A permanent facility equipped for large scale rebuilding and salvage operations. A temporary park in Nevers was relocated in July 1918 to a permanent facility in Verneuil, Nièvre, 30 mi east of Nevers, which salvaged more than 10,000 vehicles. The M.T.C. Reconstruction Park covered approximately 1000 acre and consisted of five steel shops averaging 25000 sqft each and a large warehouse for storage of spare parts. The park was staffed by three units of approximately 1,150 men each (Units 301, 302, and 303). Some labor was also supplied by German prisoners who were housed inside the Park.

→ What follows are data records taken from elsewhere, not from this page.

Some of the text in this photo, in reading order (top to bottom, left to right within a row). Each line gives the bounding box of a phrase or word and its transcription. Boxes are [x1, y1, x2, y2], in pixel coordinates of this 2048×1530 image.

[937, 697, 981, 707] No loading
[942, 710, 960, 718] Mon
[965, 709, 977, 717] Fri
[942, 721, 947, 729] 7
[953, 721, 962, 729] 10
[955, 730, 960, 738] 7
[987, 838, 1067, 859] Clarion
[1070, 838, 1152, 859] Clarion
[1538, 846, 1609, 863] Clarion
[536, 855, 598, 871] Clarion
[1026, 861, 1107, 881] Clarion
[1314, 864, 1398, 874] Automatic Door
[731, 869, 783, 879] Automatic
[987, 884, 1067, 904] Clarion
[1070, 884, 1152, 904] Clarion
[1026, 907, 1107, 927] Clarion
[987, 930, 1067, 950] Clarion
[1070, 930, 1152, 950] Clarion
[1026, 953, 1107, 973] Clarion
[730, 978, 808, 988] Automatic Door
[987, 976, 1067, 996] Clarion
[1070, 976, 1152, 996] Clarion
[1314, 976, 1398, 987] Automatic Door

Command of the park at Verneuil was assigned to Colonel Harry A. ("Bull") Hegeman, who was awarded the Distinguished Service Medal for his involvement in the operation, in spite of the post-war accusation of mismanagement and waste there. Hegeman was a mechanical engineer from Sparta, Wisconsin.

==Post-war: 1919–1920==
According to the M.T.C. Reconstruction Park newsletter "Let's Go", the park was visited by General John J. Pershing and later, General James Harbord, in April 1919.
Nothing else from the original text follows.